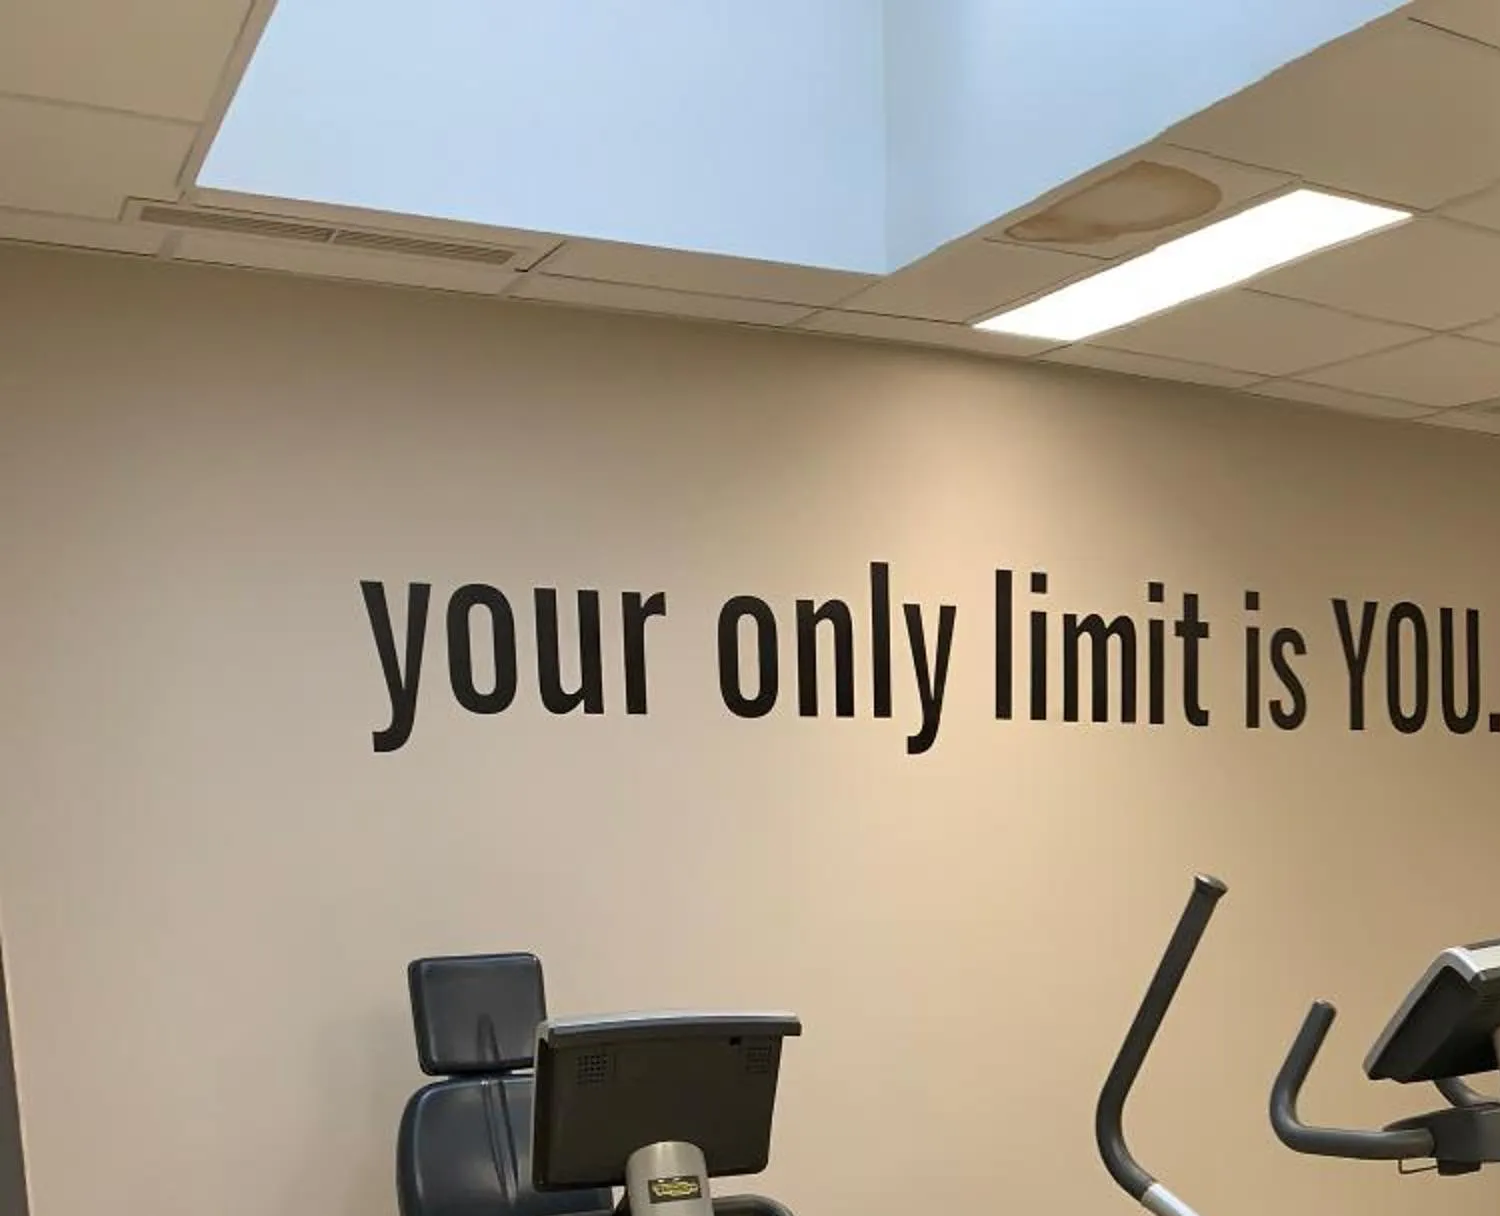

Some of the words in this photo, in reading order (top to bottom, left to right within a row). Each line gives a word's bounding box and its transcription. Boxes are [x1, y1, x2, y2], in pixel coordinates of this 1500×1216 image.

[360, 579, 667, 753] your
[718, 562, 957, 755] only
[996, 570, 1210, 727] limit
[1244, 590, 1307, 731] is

★ ★ ★ ★ ★

→ **What is needed**: Return all the records exactly, excluding images.

→ **Response to the task**:
Some of the words in this photo, in reading order (top to bottom, left to right within a row). Each line gives a word's bounding box and its transcription. Boxes are [x1, y1, x2, y2], in pixel coordinates of this 1500×1216 image.

[360, 579, 667, 753] your
[718, 562, 957, 755] only
[996, 570, 1210, 727] limit
[1244, 590, 1307, 731] is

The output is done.